Après cette grande nouvelle, quelle nouvelle vous apprendre, sinon celle-ci peut-être plus merveilleuse encore? Ce soir, au Théâtre-Français, Arbogaste, de M. Viennet. Il ne reste plus qu'à tirer l'échelle.

- Le roman que vient de publier Mme Louise Colet sous le titre de la Jeunesse de Mirabeau se distingue tout à la fois par une exécution habile et par la vérité soutenue des portraits. C'est une mine féconde et trop peu exploitée que l'étude des existences les plus grandes par l'action ou la pensée, contemplées dans les parties romanesques qui n'y manquent jamais, dans la fougue de la jeunesse, dans les triomphes de la maturité ou les mornes abattemens du déclin. Il y a là plus d'un filon précieux, plus d'une riche veine, d'où jailliraient, entre des mains patientes, l'or et le diamant. Ce genre d'étude, où la critique et l'imagination peuvent se confondre, conviendrait d'ailleurs particulièrement à notre époque, portée presque invinciblement à révéler son génie critique même dans les œuvres où ne devraient intervenir que le sentiment ou la fantaisie. Le sujet choisi par Mme Colet ne manque pas, on le voit, indépendamment de l'intérêt sérieux qu'éveille le nom du héros, d'une certaine opportunité, qui s'explique par nos tendances littéraires. C'est un pas heureux fait dans une route où nos romanciers et nos poètes s'essaient trop rarement, et où s'offriraient à bien des inspirations inquiètes ou épuisées des ressources de renouvellement ignorées et des trésors inattendus.

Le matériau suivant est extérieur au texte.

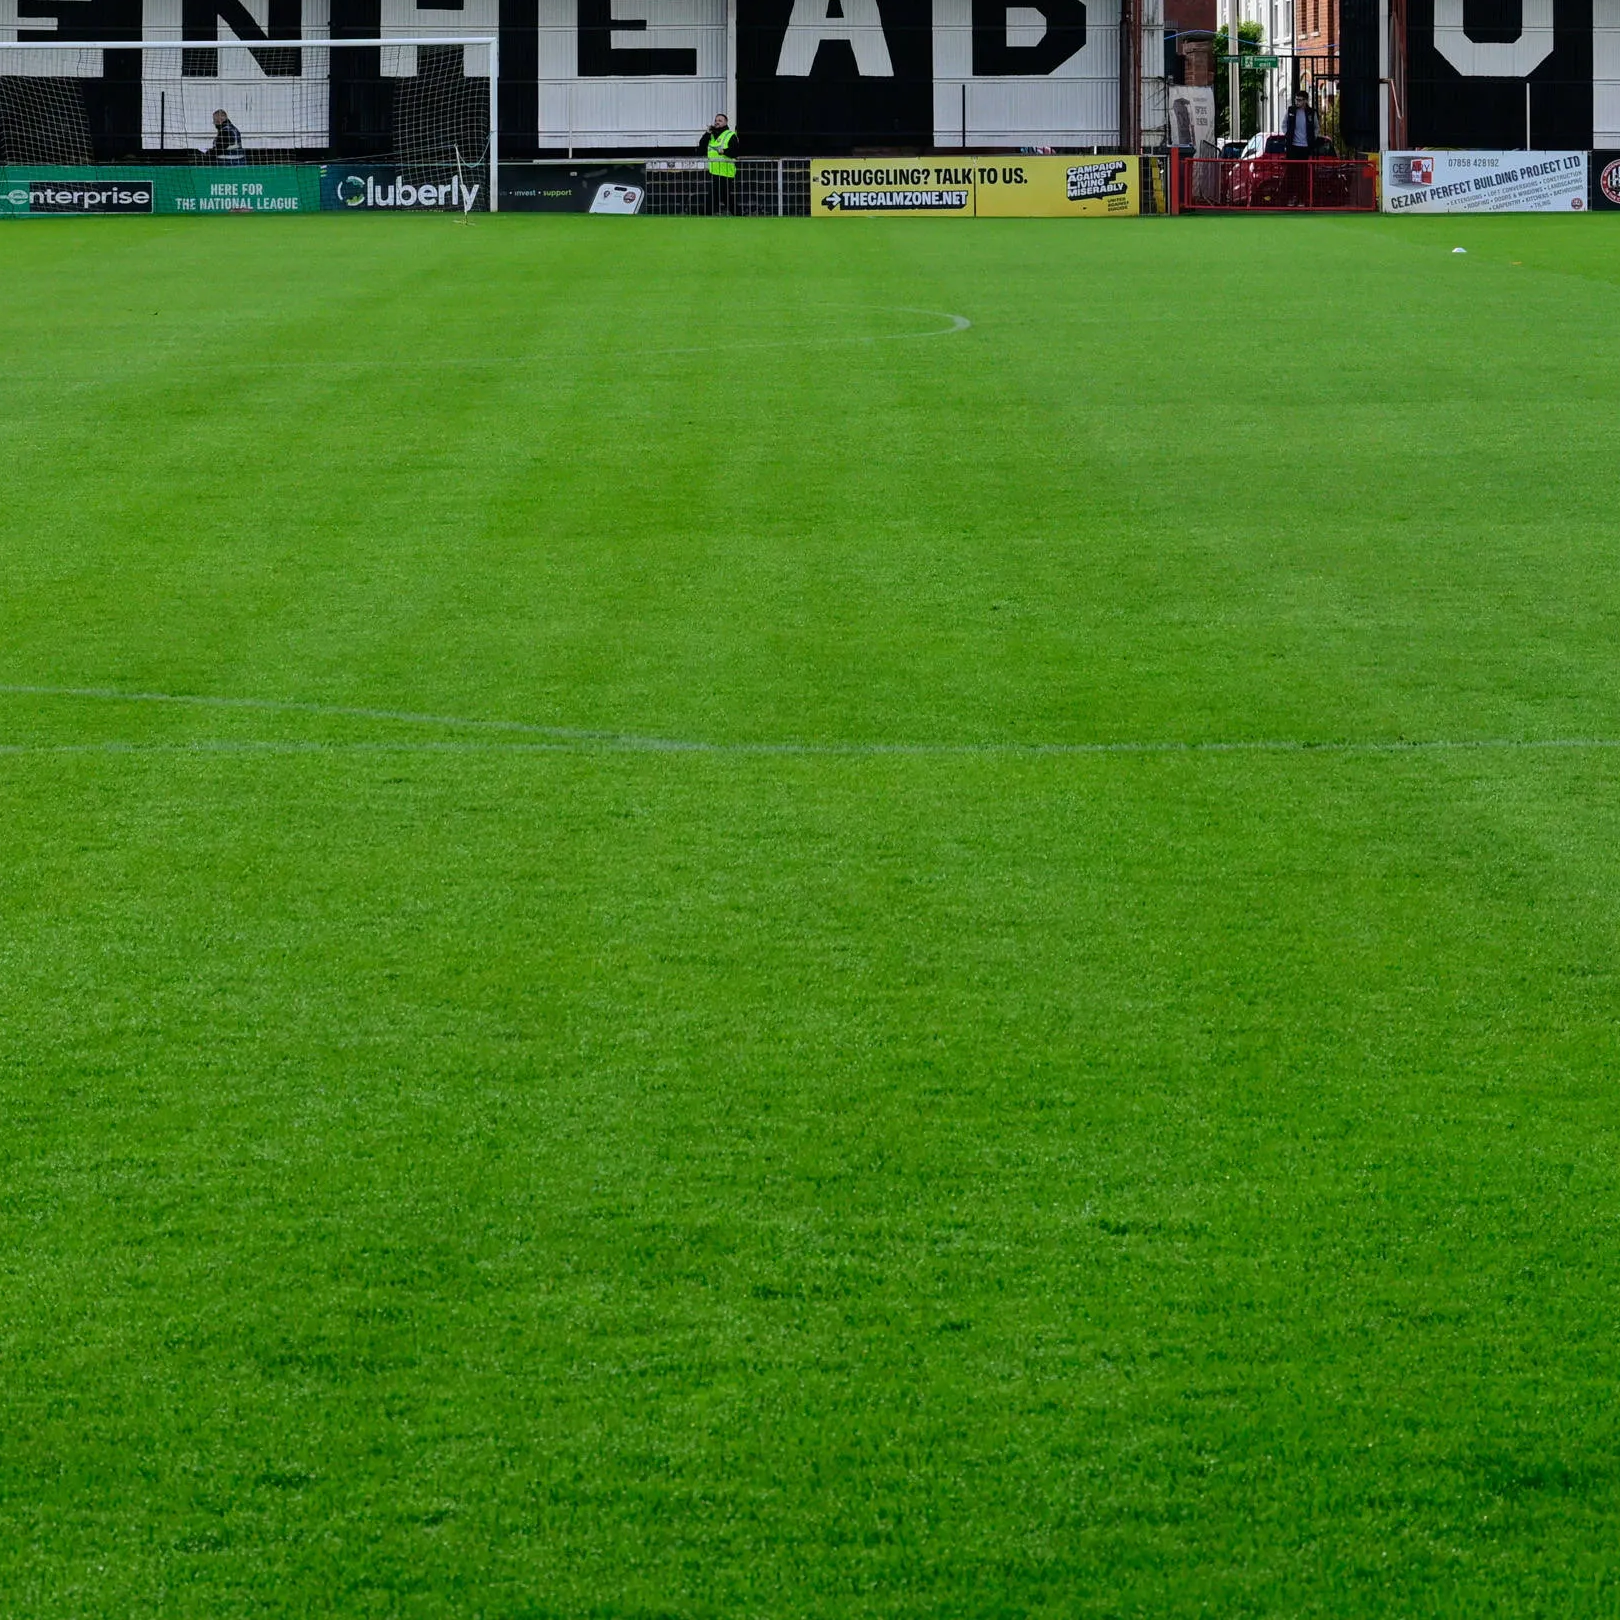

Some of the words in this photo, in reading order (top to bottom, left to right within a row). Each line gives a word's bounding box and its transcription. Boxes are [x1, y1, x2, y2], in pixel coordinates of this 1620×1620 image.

Mme Colet a suivi la donnée historique avec une fidélité complète. Le nom de roman que nous avons donné à son livre ne peut se justifier que par le soin particulier qui a présidé à la disposition des faits et la forme du récit plus pittoresque et plus vive qu'il ne convient à l'histoire. Assurément, ce respect des faits, cette sobriété dans les ornemens ajoutés à la trame riche et sombre à la fois de la réalité, révèlent chez l'auteur un goût sévère. Pourtant, il y avait un écueil à prévoir. L'écrivain devait craindre de tomber dans la froideur et la sécheresse, ou bien de passer d'un genre à l'autre et de s'égarer en pleine histoire. La ligne à suivre était étroite, et il fallait quelque effort pour s'y tenir. Mme Colet a su heureusement éviter cet écueil. Il y a, dans les figures qu'elle met en scène et qu'elle trace d'après l'histoire, le relief, la vie nécessaire pour que le lecteur subisse l'illusion romanesque dans toute sa plénitude. Le but que se proposait l'auteur est donc atteint; les exigences de l'histoire et celles du roman sont parfaitement conciliées.

Ce qui nous plaît dans la figure de Mirabeau, telle que l'a tracée Mme Colet, c'est surtout la simplicité, la vérité du dessin. Il est difficile pour le romancier qui met en scène un personnage comme celui-là de se défendre d'une certaine émotion, d'une chaleur enthousiaste, qui l'entraînent à substituer le lyrisme au récit, le rêve à la réalité. Mme Colet n'a ni exagéré ni amoindri les grandes proportions de la figure de Mirabeau; elle a indiqué sans affectation le tribun

de la constituante dans le prisonnier du château d'If et du fort de Joux. Elle ne s'est pas laissée aller aux digressions éclatantes dont l'occasion lui était si naturellement offerte. Ce n'est pas le solennel personnage de l'histoire qu'elle avait à peindre; c'est le jeune gentilhomme aux passions fougueuses, noble jusque dans ses écarts, et luttant contre l'oppression paternelle avec une colère mêlée de respect. Les figures qui se groupent autour de celle-là sont indiquées avec énergie et précision. Les caractères du marquis de Mirabeau, du bailli, de la jeune comtesse, méritent d'être cités particulièrement.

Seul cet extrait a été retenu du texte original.